Abstract

Atrial Tachycardia (AT) in adult congenital heart disease (ACHD) result from complex anatomy due to ACHD and surgical repair. Multiple scar areas harbor slow conduction, delayed activation and reentry circuits, limiting standard bipolar mapping of local activation time (LAT). New mapping technique utilizing orthogonal bipoles to construct electrograms (EGM) in 360 degrees, Omnipolar Mapping (OM), displays wavefront vector map as arrows utilizing 16 pole grid-like catheter (HD Grid), displayed as static map, or live map of grid OM as it moves throughout chamber, for real-time wavefront propagation display. N/A 43M repaired Tetralogy of Fallot underwent mapping and ablation for AT. LAT with Abbott Precision system and HD Grid showed large low voltage area (LVA) at lateral right atrium (RA). AT1 mapped to the superior scar border. Radiofrequency (RF) changed cycle length (CL) from 200ms to 240 ms. Remapping showed confusing LAT, with multiple “early” areas (Fig 1a). Adjusting mapping window displayed more focal origin (FO) (Fig 1b) on RA septum (AT2). RF here again slowed tachycardia to 315ms. Remapping showed AT3 was typical flutter.
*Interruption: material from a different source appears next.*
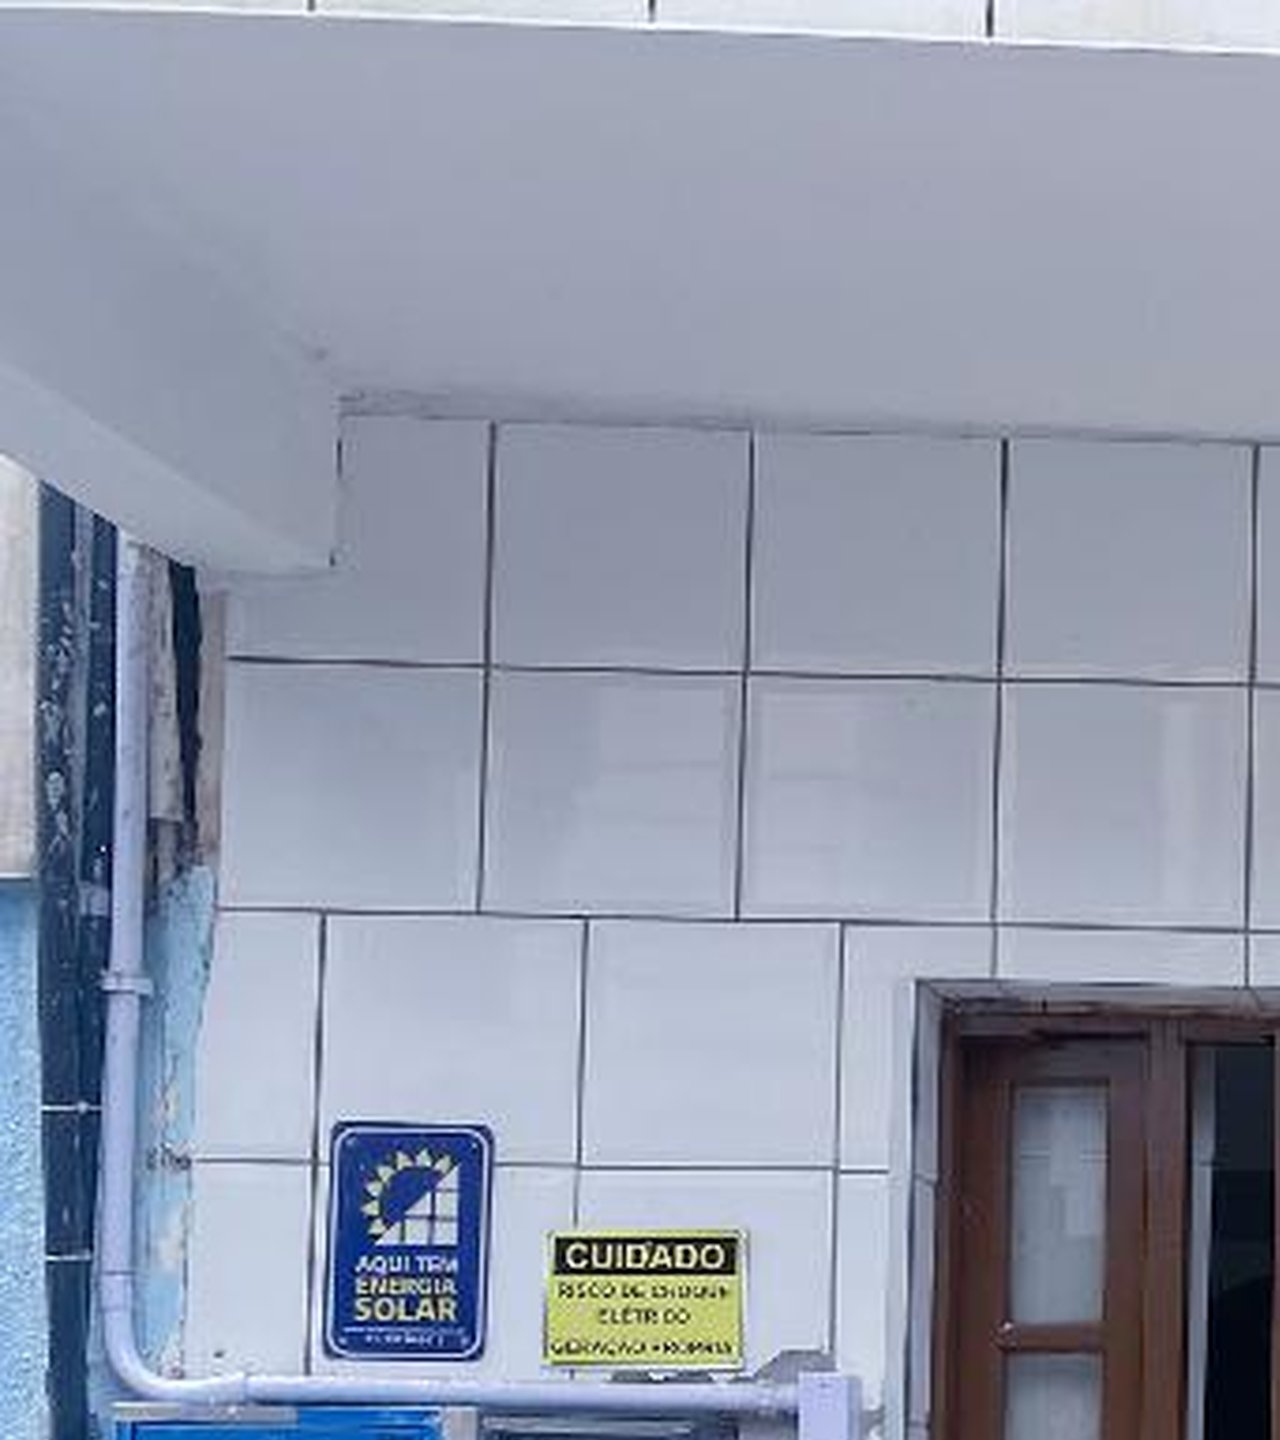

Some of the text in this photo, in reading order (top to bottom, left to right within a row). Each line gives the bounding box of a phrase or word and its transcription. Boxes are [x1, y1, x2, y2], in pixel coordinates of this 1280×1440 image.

Offline analysis with research software allowed for OM. AT2 Static vector map showed FO “starburst” pattern (Fig 1a,b): arrows pointing outward from FO (successful RF, brown circle). “Real time” HD Grid vector map displayed this pattern at FO within first 6 minutes of mapping (Fig 1c). Vectors pointed away from FO when HD Grid positioned adjacent to the FO (Fig 1d). This difficult case illustrates HD Grid and OM may offer superior efficiency and less ambiguity for mapping of arrhythmias in complex substrates.